I like bananas a bunch

Ohm my!

Eau My!

Ωi: [Ohm i]: proposed unit of imaginary impedance.

OK, it’s a nerd joke. So sue me.

Four out of five dads applaud your effort.

You really have to give a round of applause to high jump officials. They keep raising the bar.

Telling high jumpers to warm up before an event is a bit of a stretch.

Frosty The Snowman had to quit athletics. He couldn’t make it through warm ups without feeling totally drained.

Wasn’t Frosty the Snowman penalized in a hockey game for icing?

He always was pretty flaky.

No, no, it was the Atkins diet guy who got penalized for icing.

I certainly desserted my diet when I ate that cake.

I threw out 3 bananas yesterday because they were icky, and I’ve just thrown out another two today. … I just felt I had to say this because I feel guilty and wasteful. On the other hand, I’m probably feeding maggots and bacteria, so I am contributing to the ecosystem, right?

Obviously your maggot-feeding guilt is eating you up inside.

That kind of guilt leaves me hollow.

I tried to steal a window but the guilt was overwhelming.
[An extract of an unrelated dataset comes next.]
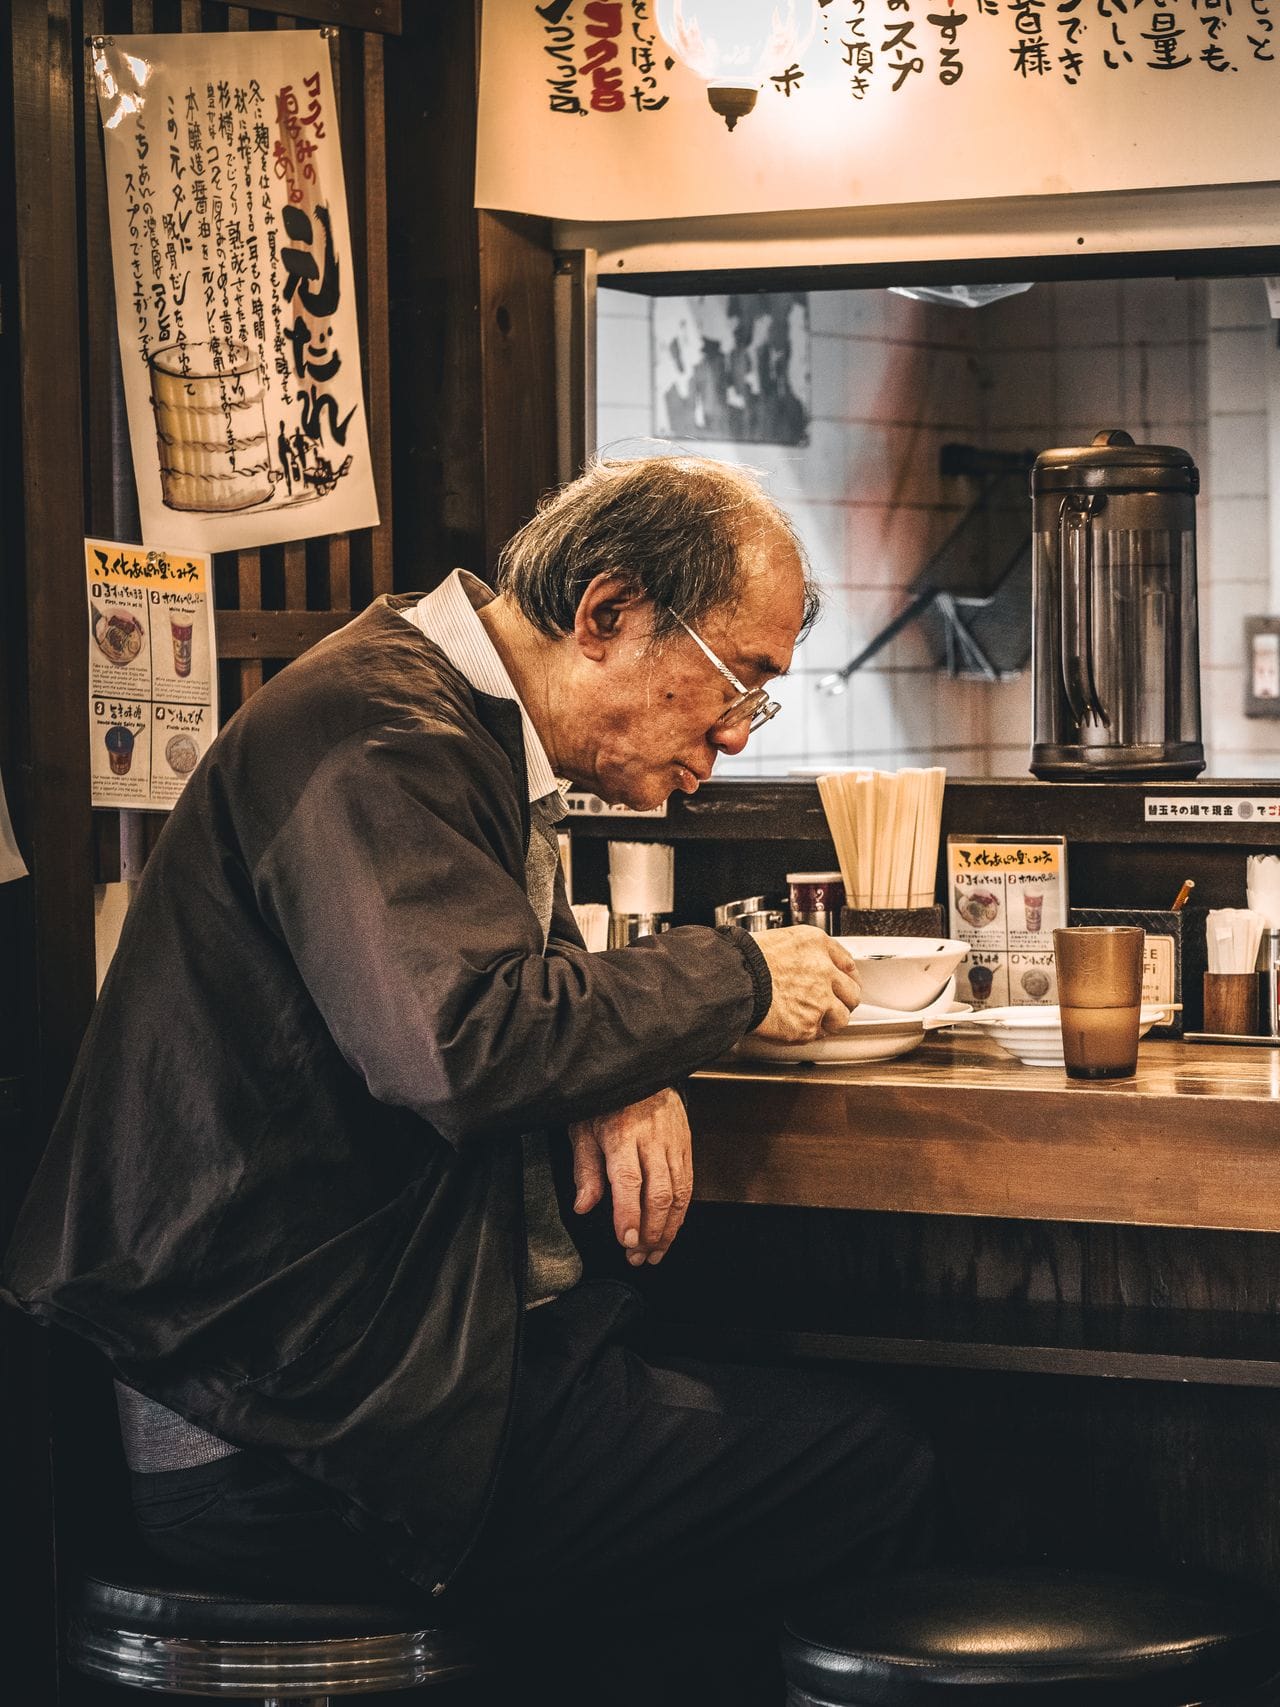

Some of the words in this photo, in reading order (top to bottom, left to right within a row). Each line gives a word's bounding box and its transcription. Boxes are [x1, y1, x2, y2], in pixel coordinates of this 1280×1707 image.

[927, 9, 968, 85] する
[1140, 0, 1192, 70] 量
[283, 200, 358, 447] 元だれ
I could not take the pane.

I thought of getting a job fixing windows, but it seemed too silly.

When picking a window shade, I always choose Venetian styles. Those are the blinds that tie a room together.

Those are the ones on display at the Musee de Louvres.

I saw in the paper an Origami Museum opened, but shortly thereafter it folded.

I went to the postcard museum last week but it’s nothing to write home about.